Prompt >>
Please copy out the records that follow exactly as they stand.
▽
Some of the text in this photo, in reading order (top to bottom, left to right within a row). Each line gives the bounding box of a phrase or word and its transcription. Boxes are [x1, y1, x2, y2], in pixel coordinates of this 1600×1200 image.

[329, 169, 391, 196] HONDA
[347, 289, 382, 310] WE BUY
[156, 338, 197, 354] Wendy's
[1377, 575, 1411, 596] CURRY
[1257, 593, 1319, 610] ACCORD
△
Your response >>
Some of the text in this photo, in reading order (top to bottom, left to right within a row). Each line gives the bounding box of a phrase or word and its transcription. Boxes are [x1, y1, x2, y2], in pixel coordinates of this 1600×1200 image.

[329, 169, 391, 196] HONDA
[347, 289, 382, 310] WE BUY
[156, 338, 197, 354] Wendy's
[1377, 575, 1411, 596] CURRY
[1257, 593, 1319, 610] ACCORD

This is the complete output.